Have you experienced challenges in exporting to the European Union (EU)?  Do you have any ideas for making it easier to export to the EU by enhancing U.S.-EU regulatory cooperation?  If so, we want to hear from you.  In response to requests for additional time to provide comments, the Department of Commerce has reopened the comment period for its Federal Register Notice, “Request for Public Comments Concerning Regulatory Cooperation between the United States and the European Union That Would Help Eliminate or Reduce Unnecessary Divergences in Regulation and in Standards Used in Regulation That Impede U.S. Exports”.
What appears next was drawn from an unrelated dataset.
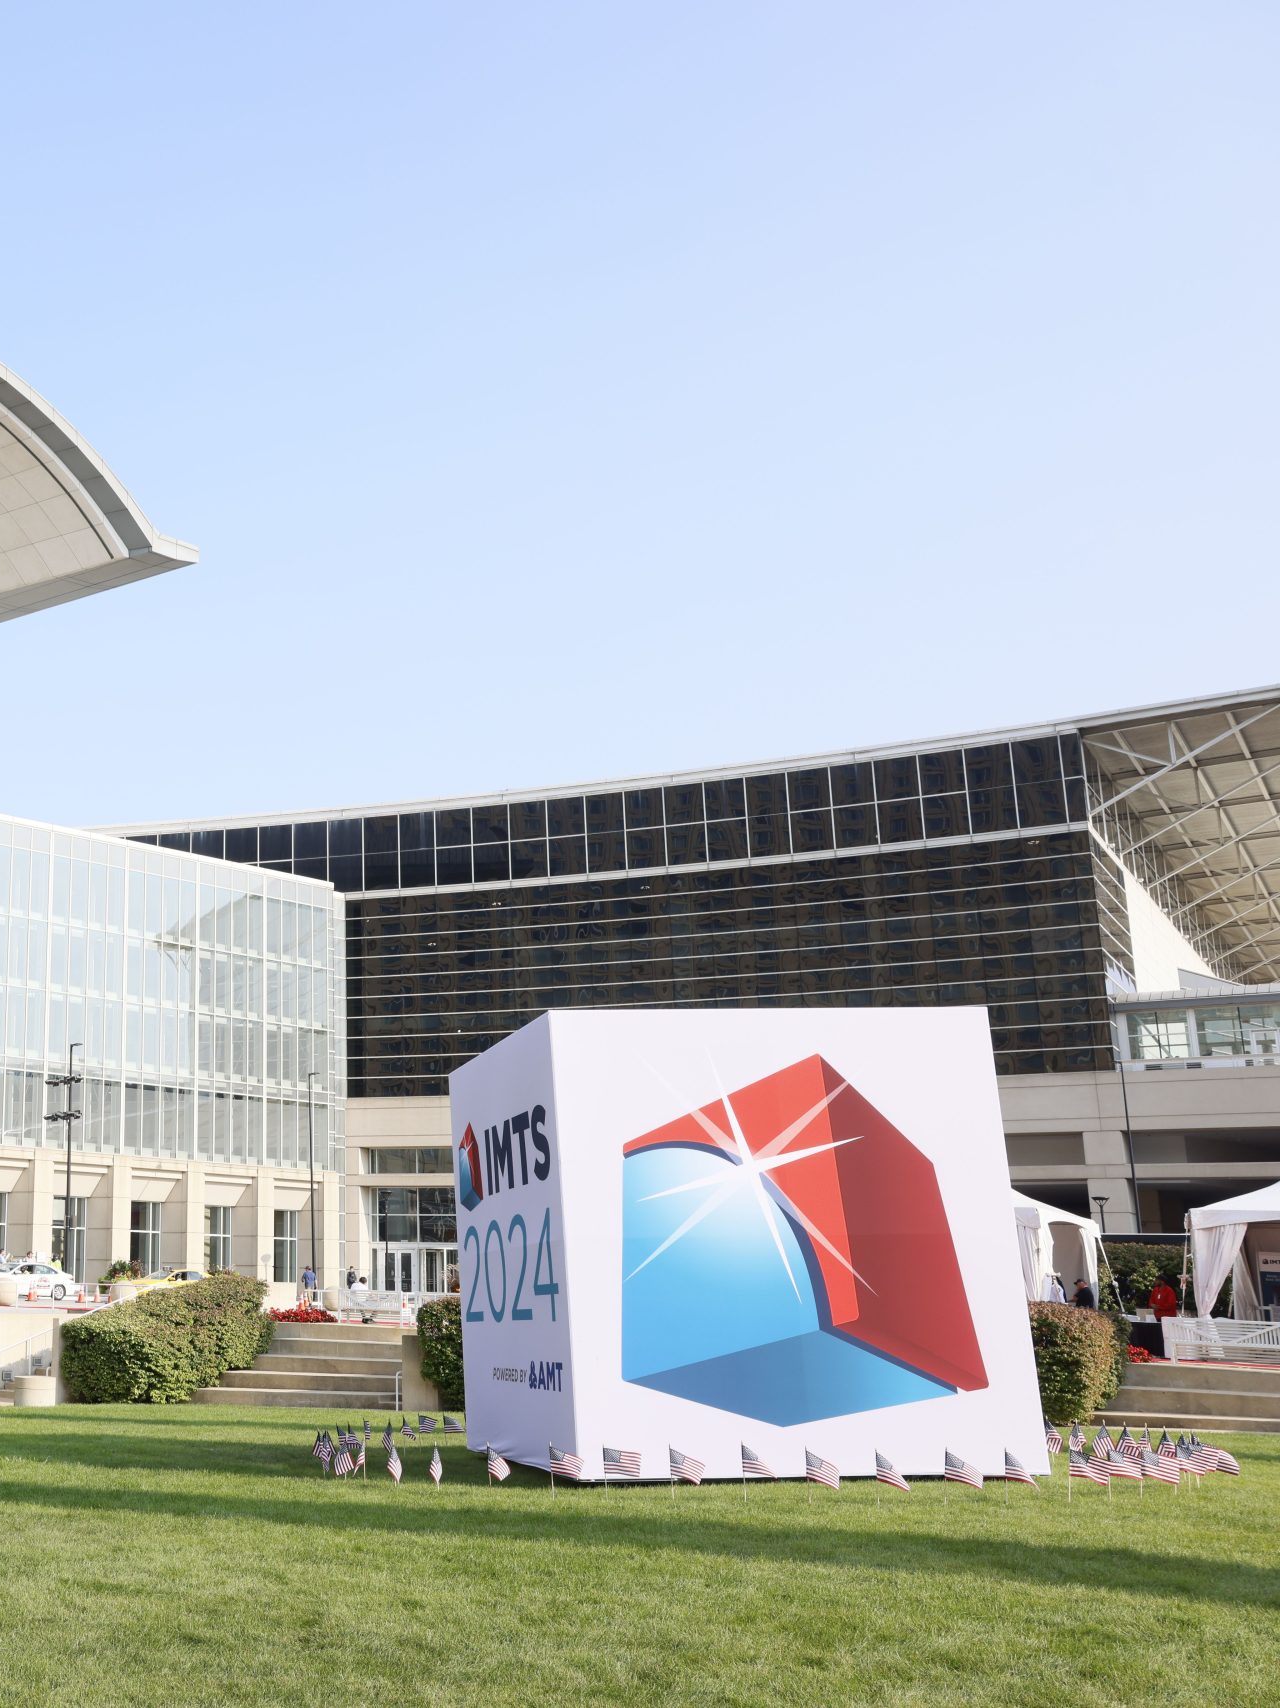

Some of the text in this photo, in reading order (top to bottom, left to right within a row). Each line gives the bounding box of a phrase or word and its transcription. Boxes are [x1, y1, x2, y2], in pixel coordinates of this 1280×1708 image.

[484, 1104, 550, 1196] IMTS
[463, 1207, 559, 1323] 2024
[493, 1361, 563, 1392] POWERED BY AMT
The United States Department of Commerce strives to eliminate differences in regulatory measures between the U.S. and the EU, while also promoting free and open trade as well as protecting public health and safety, the environment, intellectual property, and consumers’ rights. The Federal Register Notice is a medium where all associations, business, and individuals in U.S. and EU countries can voice their challenges and recommendations regarding regulatory divergences.  Your comments are important in assisting us to increase awareness of trade impediments and improve exporting between the U.S. and EU.

The new deadline for comments is August 8, 2011.

Comments may be submitted electronically via Regulations.gov.  You may also access the Docket Folder, where you can read comments that have already been submitted (check the box labeled “Public Submission”). While we appreciate and encourage discussion here on our blog, the only way to ensure consideration of your input is to submit comments through the form on Regulations.gov.